López began his career with Albacete Balompié, in his home region of Castile-La Mancha. He made his debut for the club, then in Segunda División B, on 20 February 1983, in a 2-1 home win over Fuengirola at Estadio Carlos Belmonte, one of three matches he played in the second half of 1982-83. The following season he played just once, in a 1-0 home loss to Parla on 5 February, but 1984-85 was a great season for both player and club.

López made 17 appearances in all competitions, and scored his first professional goal, one of three that season, in a 2-2 home draw with Alcoyano 23 December. He also played in both legs of the 3-1 aggregate victory over Badajoz in the Copa de la Liga Segunda División B final, coming on as a substitute for Julio Cabello in the first leg and Juan Lisón in the second.

Even better for the club, they finished as runners-up in their Segunda División B group, and were promoted to the Segunda División, beating Algeciras and Linense on goal difference. This paved the way for López to make his second tier debut, which he did in a 1-1 home draw with Cartagena FC 27 October. He wasn't used as frequently that season, but did manage to score twice in his 13 matches: in a 3-2 home victory over Atlético Madrileño on 13 April, and a 4-3 home win against Real Valladolid in the Copa de la Liga on 8 May.

At the end of the season, Albacete found themselves 17th in the table, and were relegated straight back to Segunda División B. Back in the third tier, López's career really came alive. He made at more than 30 appearances in each of the next three seasons, and scored in double figures each year. In 1989-90 he played 29 matches, but managed a career-high 18 goals. It was a great season for the club, too, who topped their group and were promoted back to the Segunda División. Even better was to follow. The ensuing second tier campaign saw López score 10 goals in 36 appearances, while Albacete won the title at the first attempt, and earned promotion to La Liga for the first time in their history.

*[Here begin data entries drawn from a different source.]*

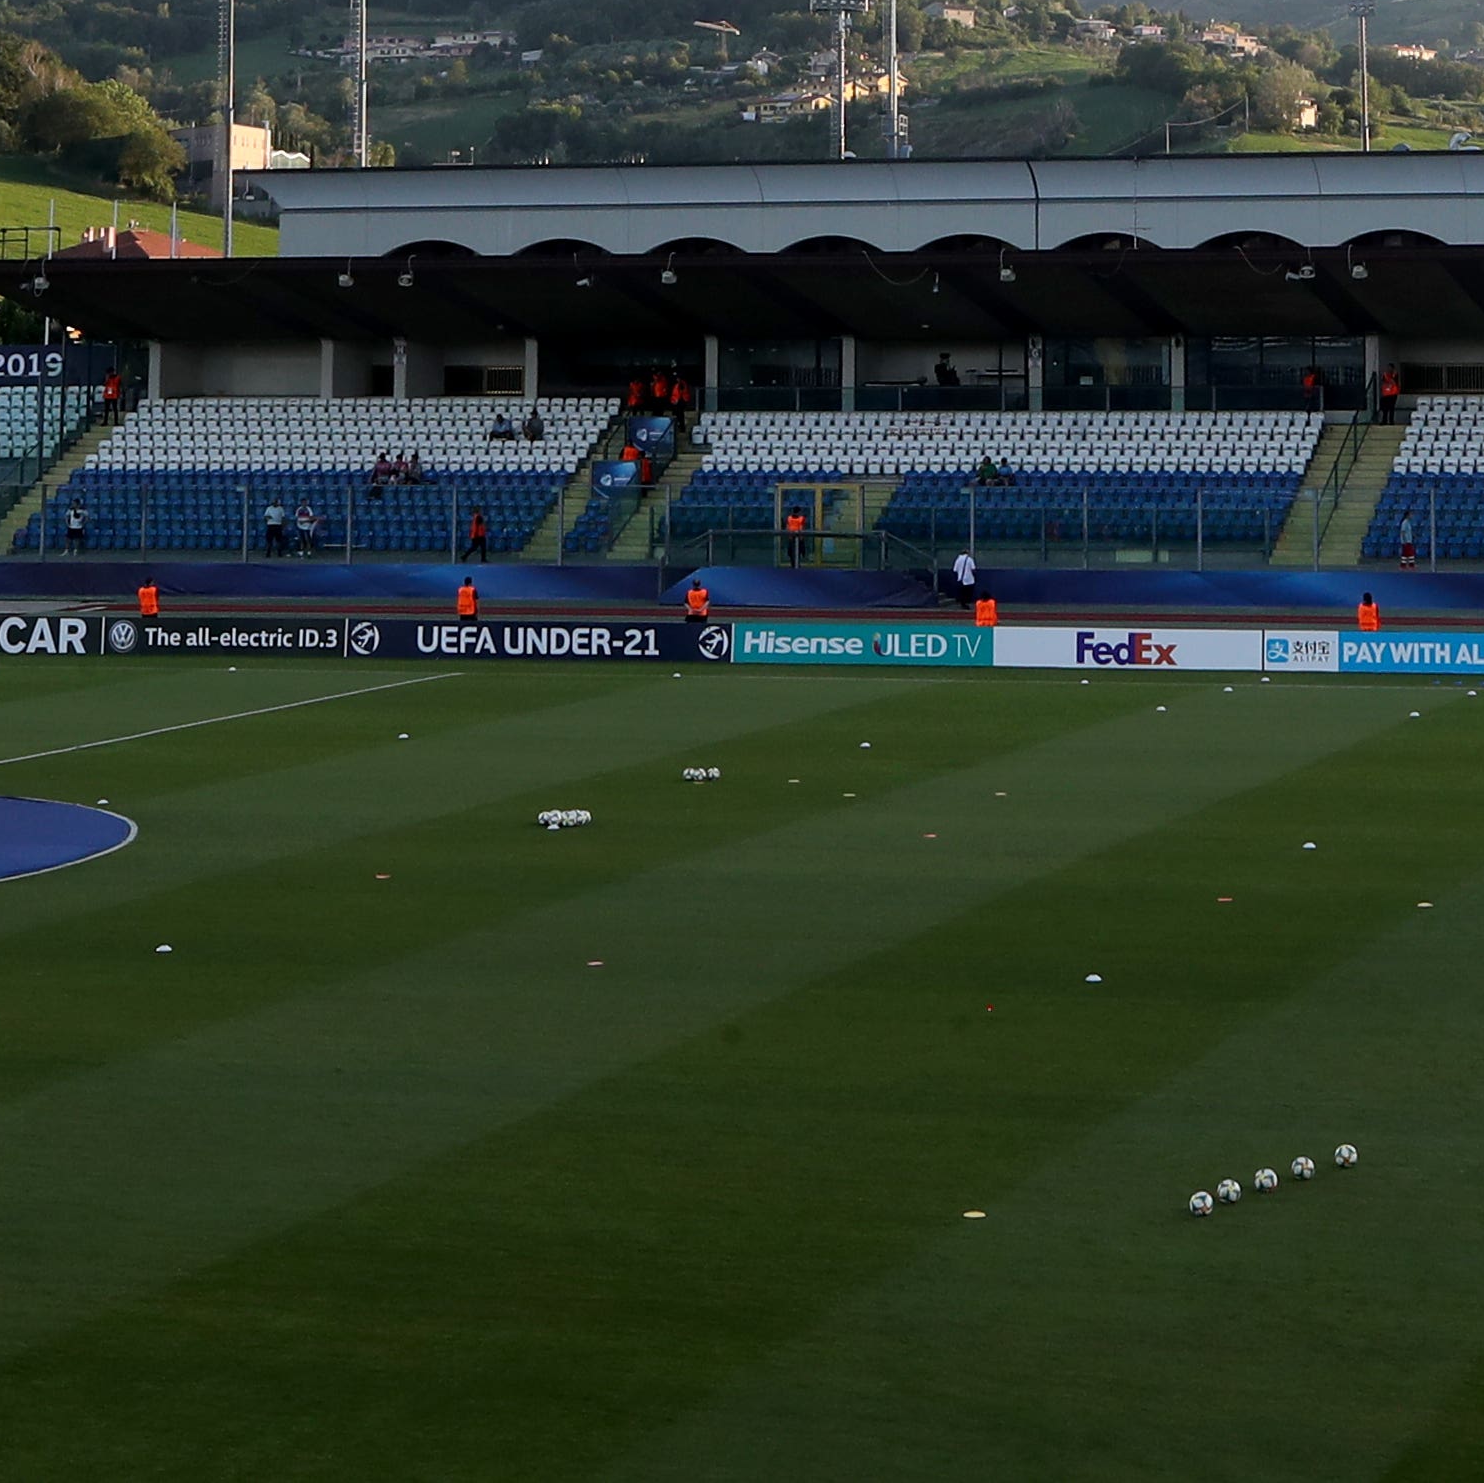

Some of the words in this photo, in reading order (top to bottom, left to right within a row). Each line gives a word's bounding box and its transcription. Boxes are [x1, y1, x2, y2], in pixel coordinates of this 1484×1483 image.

[145, 628, 182, 647] The
[185, 628, 293, 648] all-electric
[298, 628, 339, 648] ID.3
[417, 625, 497, 654] UEFA
[503, 626, 661, 656] UNDER-21
[743, 631, 864, 655] Hisense
[872, 632, 948, 658] ULED
[952, 634, 982, 658] TV
[1076, 632, 1177, 665] FedEx
[1343, 642, 1386, 663] PAY
[1389, 642, 1451, 664] WITH

López made his top flight debut on 10 November, in a 2-1 defeat at the hands of Real Madrid at Santiago Bernabéu Stadium. He scored his first goal at that level just after half time in a home fixture against Español on 22 December, and followed it up with a second 12 minutes later as Albacete won 3-2. He ultimately scored five times in 25 matches that season. 1992-93 was his best in La Liga on a personal level, as he scored 13 goals in 38 appearances, including a hattrick in 5-1 win at home to Utebo in the third round of the Copa del Rey. However, it was a difficult one for the team, which finished the season in 17th place, and therefore faced a relegation playoff. López scored a goal in each leg as Albacete beat Real Mallorca 4-3 on aggregate to retain their top flight status for another year.

Over the next two seasons, López was increasingly used as a substitute, and his goal scoring figures declined accordingly: he scored only once during 1993-94, and three times the following year. In the latter season, Albacete again placed 17th in the league, and again faced a relegation playoff, this time against Salamanca. López came on in place of Cordero in the first leg at Helmántico Stadium, and Albacete put themselves in a good position with a 2-0 win. However, they suffered the reverse scoreline in the home leg, and López came on for Nenad Bjelica as the game headed to extra time. With the sending off of Manolo Salvador, Albacete slumped to a humiliating 5-0 defeat.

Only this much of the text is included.